THE PROBLEM: Before copying, set the pictures aside; then repeat every line below verbatim.

RECORD EXCERPTS:
§ §
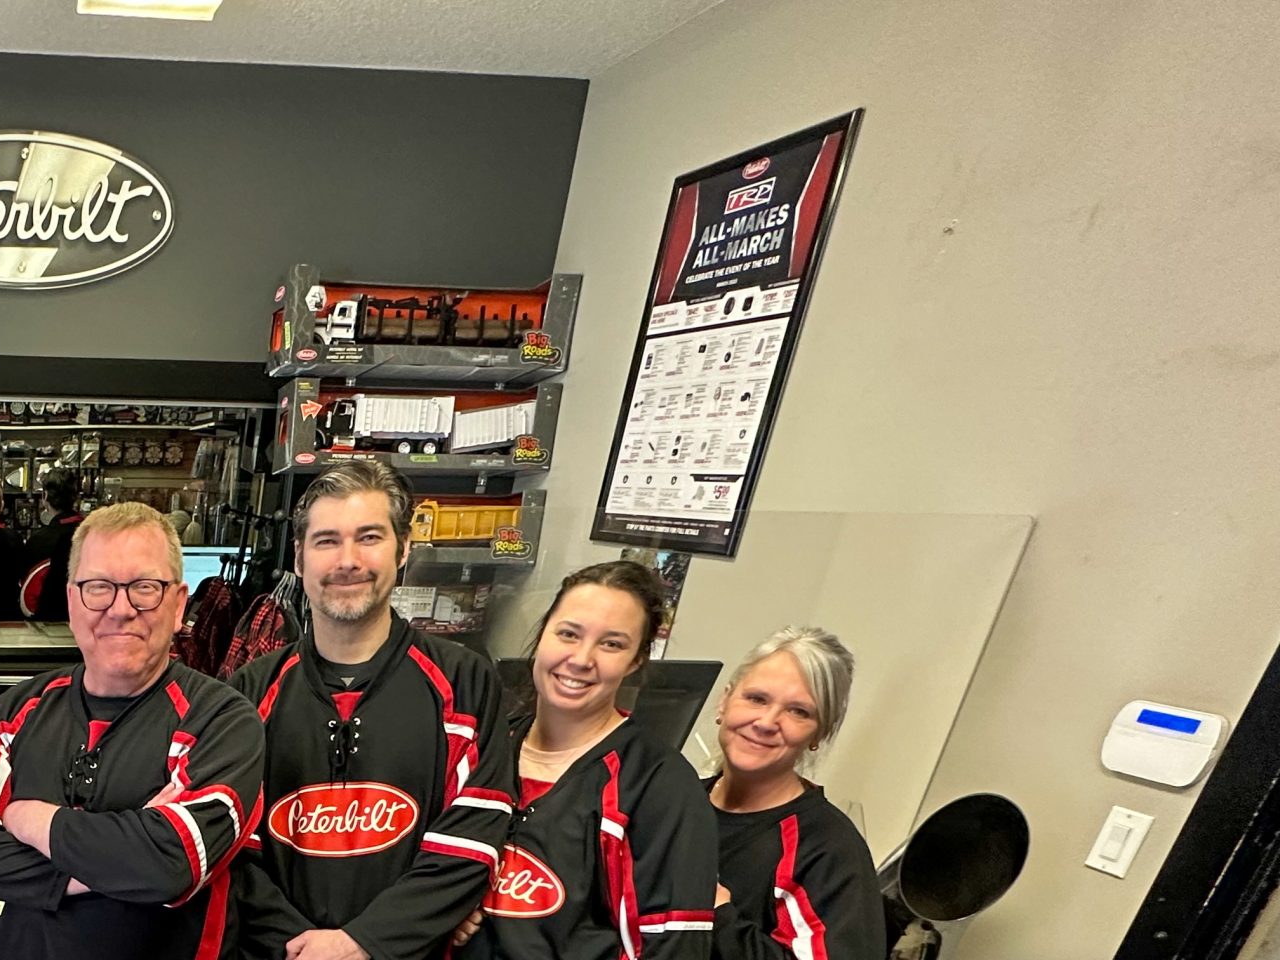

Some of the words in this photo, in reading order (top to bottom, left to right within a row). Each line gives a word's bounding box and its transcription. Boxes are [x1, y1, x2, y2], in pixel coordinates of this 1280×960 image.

[729, 184, 773, 209] TRP
[698, 203, 791, 247] ALL-MAKES
[692, 228, 785, 269] ALL-MARCH
[685, 270, 715, 284] CELEBRATE
[714, 267, 726, 277] THE
[725, 264, 743, 275] EVENT
[742, 261, 752, 271] OF
[752, 258, 764, 268] THE
[763, 255, 780, 266] YEAR
[527, 332, 549, 346] Big
[524, 345, 553, 356] Roads
[520, 438, 539, 449] Big
[515, 448, 541, 458] Roads
[498, 528, 521, 542] Big
[495, 540, 524, 552] Roads
[288, 799, 408, 837] Peterbilt
§ §
RESPONSE FOR THIS EXERCISE:
Some of the words in this photo, in reading order (top to bottom, left to right within a row). Each line gives a word's bounding box and its transcription. Boxes are [x1, y1, x2, y2], in pixel coordinates of this 1280×960 image.

[729, 184, 773, 209] TRP
[698, 203, 791, 247] ALL-MAKES
[692, 228, 785, 269] ALL-MARCH
[685, 270, 715, 284] CELEBRATE
[714, 267, 726, 277] THE
[725, 264, 743, 275] EVENT
[742, 261, 752, 271] OF
[752, 258, 764, 268] THE
[763, 255, 780, 266] YEAR
[527, 332, 549, 346] Big
[524, 345, 553, 356] Roads
[520, 438, 539, 449] Big
[515, 448, 541, 458] Roads
[498, 528, 521, 542] Big
[495, 540, 524, 552] Roads
[288, 799, 408, 837] Peterbilt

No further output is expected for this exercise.